Media coverage of the Affordable Care Act these days bounces back and forth between good news and bad. One day the Obama Administration signals that there are more problems with the employer mandate and once again changes the rules. Two days later, federal officials are bragging that ACA enrollment is booming and that even the Young Invincibles are signing up.
Yet perhaps the most significant recent development is the analysis just published by the Wall Street Journal on the limited range of plan options in the ACA exchanges. The newspaper found that in 515 counties across 15 states there is only one insurer selling coverage through the online marketplaces. In more than 80 percent of those counties, the sole insurer is a local Blue Cross/Blue Shield plan.
For the residents of those counties who seek coverage through the exchanges, the ACA is forcing them to do business with a de facto monopoly that can get away with charging inflated premiums. The Journal cites the example of rural, low-income Hardee County in Florida, where comparable exchange-based coverage can cost $200 a month more than in nearby Tampa.

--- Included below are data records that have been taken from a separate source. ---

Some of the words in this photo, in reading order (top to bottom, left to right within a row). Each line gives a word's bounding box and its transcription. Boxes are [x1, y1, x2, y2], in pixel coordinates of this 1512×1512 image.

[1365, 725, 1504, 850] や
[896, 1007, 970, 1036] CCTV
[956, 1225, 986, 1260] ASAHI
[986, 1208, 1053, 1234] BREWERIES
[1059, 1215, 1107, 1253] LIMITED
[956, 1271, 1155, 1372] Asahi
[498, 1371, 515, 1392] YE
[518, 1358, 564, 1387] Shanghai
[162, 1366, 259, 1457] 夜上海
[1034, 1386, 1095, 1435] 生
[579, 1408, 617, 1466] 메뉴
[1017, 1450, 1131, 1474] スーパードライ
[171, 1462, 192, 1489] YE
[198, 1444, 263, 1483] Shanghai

The ACA is premised on the idea that competition would bring down costs and provide better coverage. The Administration and most Congressional Democrats bought into that notion so deeply that they were willing to exclude a public option as unnecessary. That decision looks increasingly bone-headed.
It is true that those who qualify for federal subsidies may be shielded from the cost differentials, but a substantial portion of the uninsured earn too much to qualify for that assistance but are still far from affluent.

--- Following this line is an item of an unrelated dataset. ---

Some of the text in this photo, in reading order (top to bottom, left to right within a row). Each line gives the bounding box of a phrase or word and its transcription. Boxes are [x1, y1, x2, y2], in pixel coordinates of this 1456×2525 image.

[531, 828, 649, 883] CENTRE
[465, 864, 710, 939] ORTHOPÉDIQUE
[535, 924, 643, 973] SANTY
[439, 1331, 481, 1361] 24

A big part of the problem is that major for-profit insurers such as Aetna and UnitedHealth Group have been participating in the exchanges on a very selective basis. The Journal noted that Aetna, for instance, has “targeted areas with stable levels of employment and income to attract desirable customers to its marketplace offerings.”
This is, to put it mildly, infuriating. The ACA was supposed to put a stop to the tendency of Aetna and the other insurance giants to decline coverage to certain categories of people, usually because of pre-existing medical conditions. Now the insurers were supposed to take on all comers, with the federal government functioning in essence as their marketing arm.

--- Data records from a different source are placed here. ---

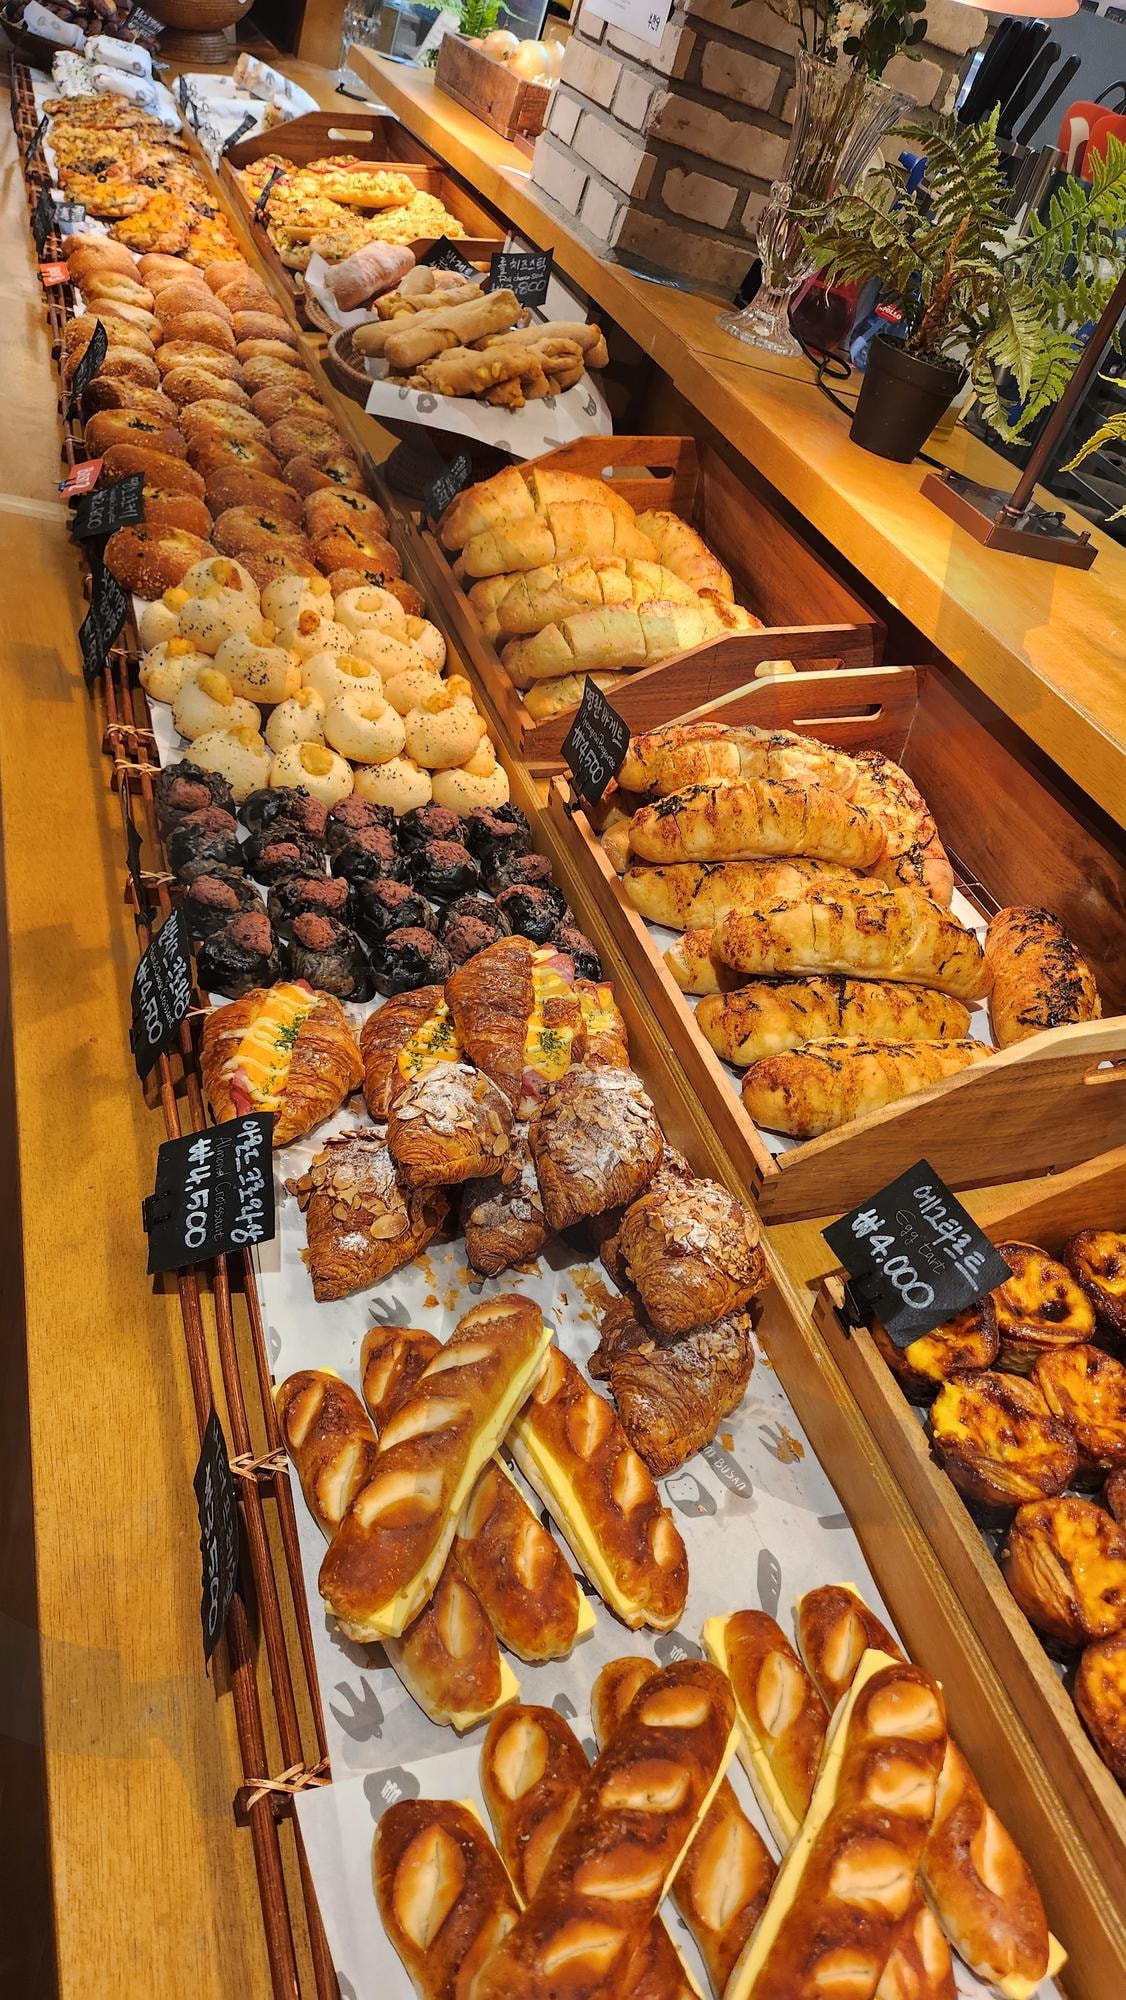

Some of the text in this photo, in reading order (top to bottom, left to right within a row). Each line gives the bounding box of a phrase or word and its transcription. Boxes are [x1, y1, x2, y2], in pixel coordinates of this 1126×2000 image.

[509, 257, 547, 272] 치즈스틱
[213, 1137, 233, 1242] Almond Croissant
[230, 1119, 266, 1244] 아몬드 크로와상
[895, 1209, 947, 1275] Egg tart
[912, 1185, 987, 1293] 에그타르트
[713, 1457, 747, 1491] BUSAN

It turns out that the national insurers had found another way of cherry-picking. They are simply choosing not to participate in the ACA market in less affluent parts of the country, where they apparently assume that residents are going to have too many medical needs. In a presentation to investors, Aetna admitted that it was participating in exchanges in fewer than one-third of the states.
The decision to limit the scope of their involvement does not result from any financial distress on the part of the major players. In recent weeks Aetna, Humana and Wellpoint have all reported healthy gains in profits for 2013. The big boys are also getting bigger. Aetna swallowed competitor Coventry Health Care, which added $14 billion to its annual revenue stream.
For those of us who advocated a single payer approach, or at least a public option, the behavior of the insurance companies comes as no surprise. These companies have always found ways to increase profits at the expense of coverage, and they always will. Now that they cannot discriminate explicitly against those in poor health, they will discriminate against communities in which think there is likely to be larger numbers of less healthy residents. It is an insidious new form of redlining.
It is disappointing that the Obama Administration, which is going to such great lengths to help businesses adjust to the ACA, seems to have little inclination to help individuals contend with the substandard offerings in some of the exchanges. For them the Affordable Care Act may be far from affordable.